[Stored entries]

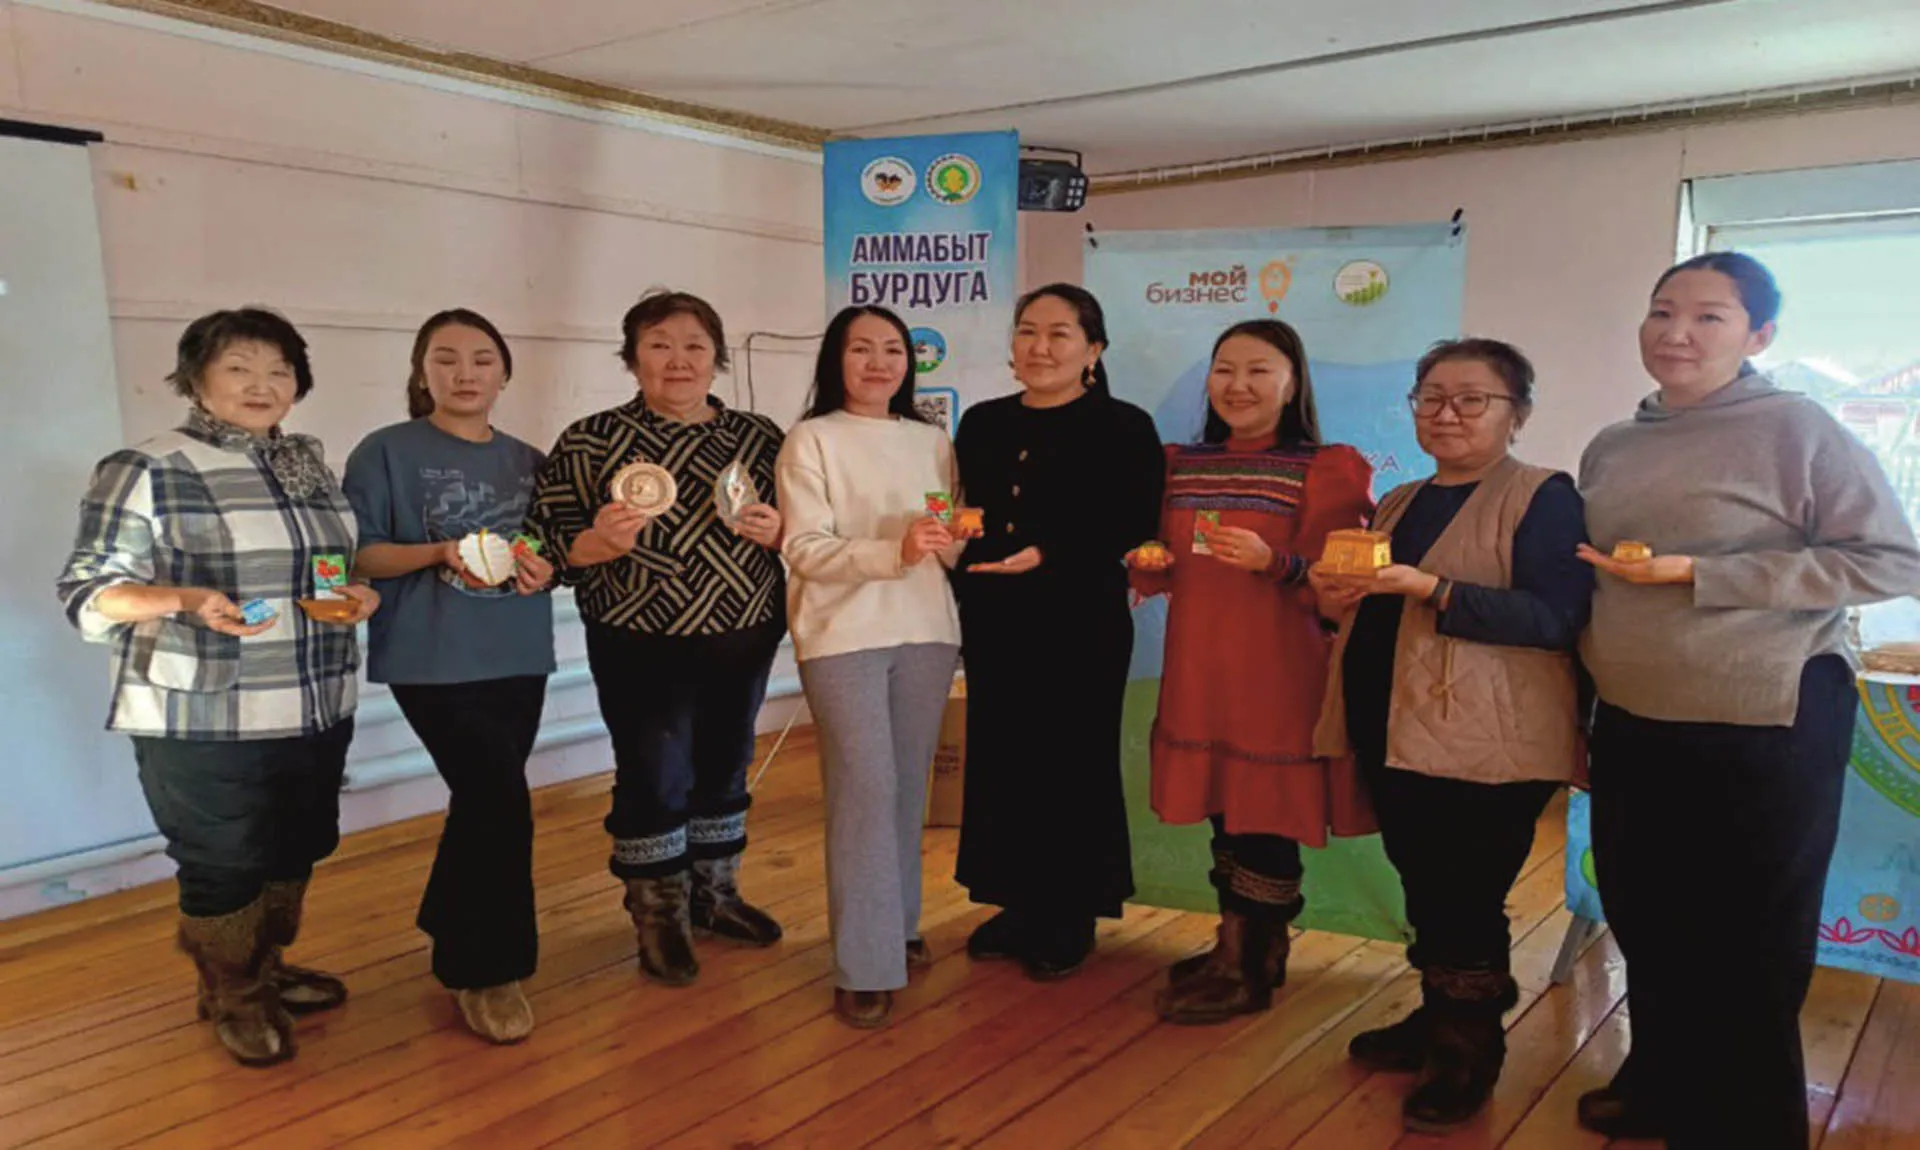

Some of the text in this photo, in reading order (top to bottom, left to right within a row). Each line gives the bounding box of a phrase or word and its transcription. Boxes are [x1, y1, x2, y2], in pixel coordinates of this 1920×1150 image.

[853, 233, 990, 262] АММАБЫТ
[1189, 265, 1247, 286] мой
[851, 271, 987, 308] БУРДУГА
[1146, 282, 1247, 304] бизнес

Task brief: Each line of the data must be transcribed exactly; pictures are not carried over.

Answer:
Some of the text in this photo, in reading order (top to bottom, left to right within a row). Each line gives the bounding box of a phrase or word and its transcription. Boxes are [x1, y1, x2, y2], in pixel coordinates of this 1920×1150 image.

[853, 233, 990, 262] АММАБЫТ
[1189, 265, 1247, 286] мой
[851, 271, 987, 308] БУРДУГА
[1146, 282, 1247, 304] бизнес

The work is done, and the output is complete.